A Polícia Civil de Londrina procura dois assaltantes, que, na tarde de sexta-feira, foram filmados pelo sistema de segurança de uma empresa. A dupla trajava uniforme de carteiro e teve a entrada liberada. Os bandidos renderam os funcionários fugiram com R$ 7 mil, cheques e dois notebooks.
Maconha
A Força Samurai da Polícia Militar, juntamente com a Polícia Federal, apreendeu aproximadamente três toneladas de maconha em uma propriedade rural localizada próximo ao trevo de Itaipulândia, divisa com Missal, região Oeste, na noite de domingo. A droga foi encontrada após o recebimento de denúncias anônimas ainda na sexta-feira. O proprietário da chácara, Valmir Inácio Wenblung, de 35 anos, foi preso. Com base no valor pelo qual a maconha é revendida pelos traficantes em São Paulo, de R$ 600 a R$ 1 mil o quilo, a carga apreendida poderia render de R$ 1,8 milhão a R$ 3 milhões.
Pedofilia
O Juízo da 2.ª Vara Federal Criminal de Curitiba condenou quatro pessoas acusadas pelo Ministério Público Federal de crimes de pedofilia.
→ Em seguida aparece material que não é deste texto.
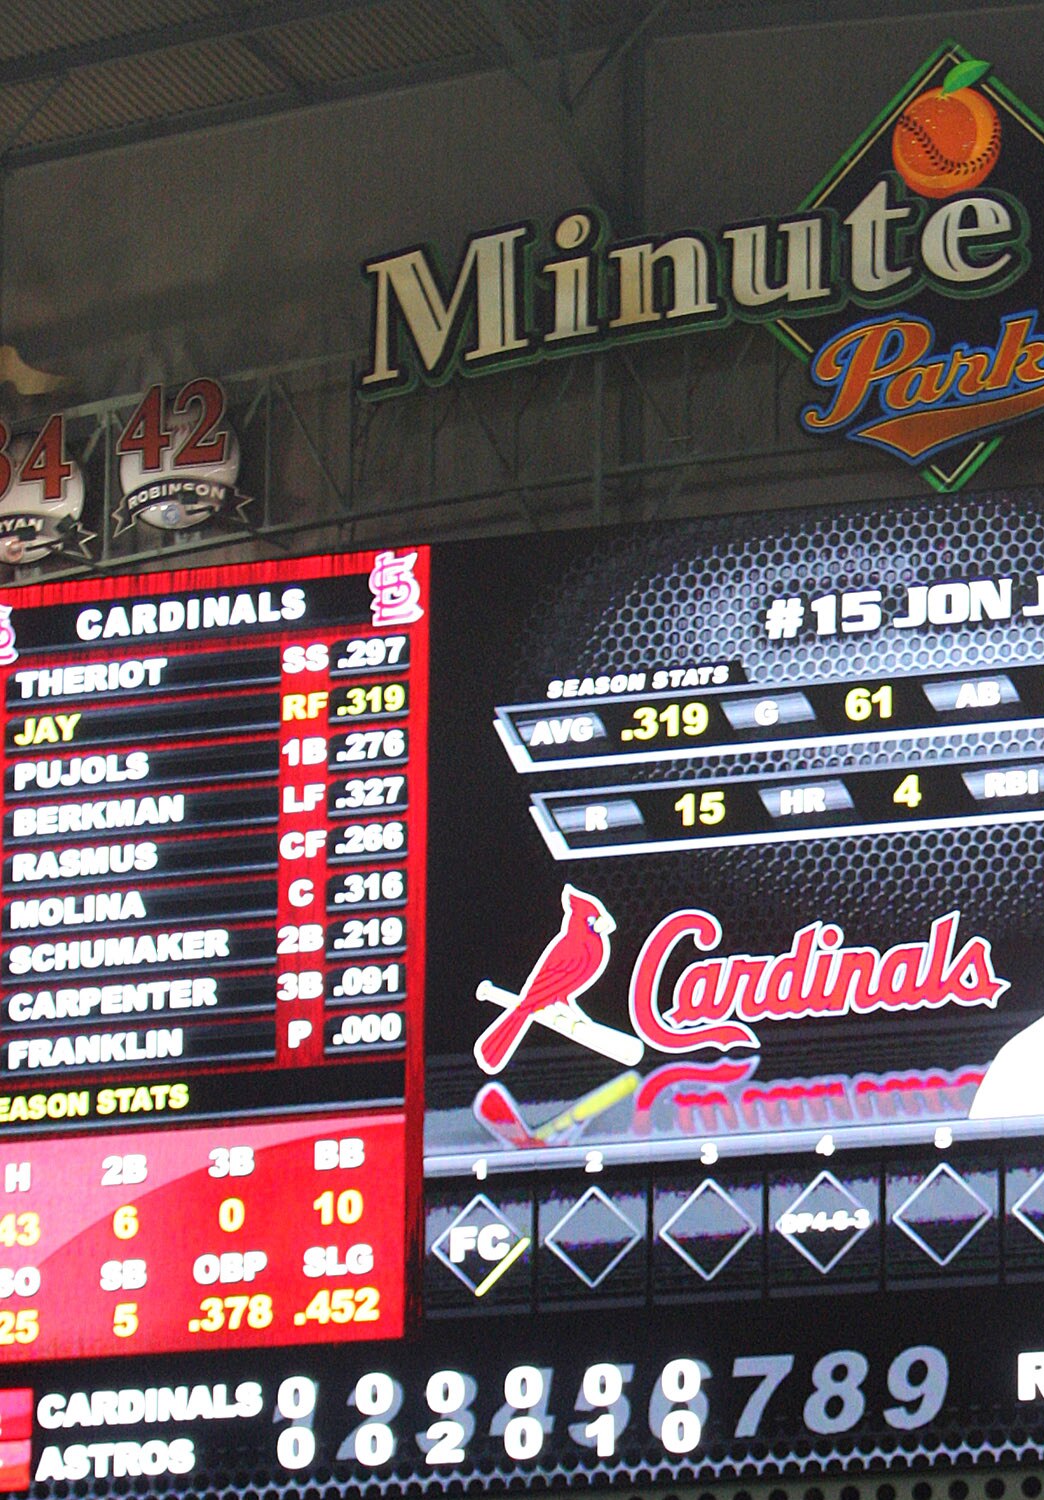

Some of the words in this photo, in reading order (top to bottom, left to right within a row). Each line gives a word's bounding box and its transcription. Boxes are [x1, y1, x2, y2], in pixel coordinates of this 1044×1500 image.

[362, 178, 1014, 387] Minute
[116, 377, 229, 474] 42
[76, 588, 307, 641] CARDINALS
[765, 590, 882, 640] #15
[892, 578, 1013, 629] JON
[15, 657, 168, 699] THERIOT
[282, 643, 330, 674] SS
[337, 636, 406, 669] .297
[547, 672, 646, 699] SEASON
[652, 665, 730, 690] STATS
[14, 713, 82, 746] JAY
[282, 691, 329, 721] RF
[337, 684, 406, 716] .319
[529, 717, 594, 747] AVG
[621, 702, 709, 741] .319
[844, 685, 892, 721] 61
[14, 751, 150, 791] PUJOLS
[281, 737, 328, 767] 1B
[336, 729, 405, 762] .276
[13, 794, 185, 837] BERKMAN
[282, 783, 326, 814] LF
[335, 776, 405, 809] .327
[674, 791, 726, 826] 15
[12, 842, 158, 882] RASMUS
[279, 829, 328, 860] CF
[334, 821, 404, 854] .266
[10, 890, 147, 930] MOLINA
[334, 871, 404, 904] .316
[8, 929, 230, 975] SCHUMAKER
[276, 924, 325, 954] 2B
[333, 917, 403, 950] .219
[8, 977, 218, 1022] CARPENTER
[276, 971, 324, 1001] 3B
[333, 963, 399, 997] .091
[629, 909, 1011, 1054] Cardinals
[8, 1027, 184, 1070] FRANKLIN
[332, 1012, 402, 1045] .000
[96, 1083, 190, 1115] STATS
[100, 1153, 149, 1187] 2B
[208, 1145, 255, 1178] 3B
[314, 1137, 365, 1171] BB
[313, 1189, 364, 1225] 10
[99, 1258, 148, 1291] SB
[193, 1250, 268, 1285] OBP
[302, 1243, 374, 1278] SLG
[188, 1293, 273, 1333] .378
[293, 1286, 380, 1326] .452
[36, 1381, 264, 1429] CARDINALS
[34, 1438, 196, 1482] ASTROS
Dois acusados foram condenados a oito anos, dez meses e vinte dias de reclusão, outro acusado, a seis anos e sete meses de reclusão, e o quarto acusado, a três anos e sete meses de pena de prestação de serviço e a se submeter compulsoriamente a tratamento psicológico ou psiquiátrico. Em síntese, os acusados produziam e transmitiam pela internet vídeos e fotos de pornografia infanto-juvenil. Os nomes não foram divulgados pela Justiça Federal.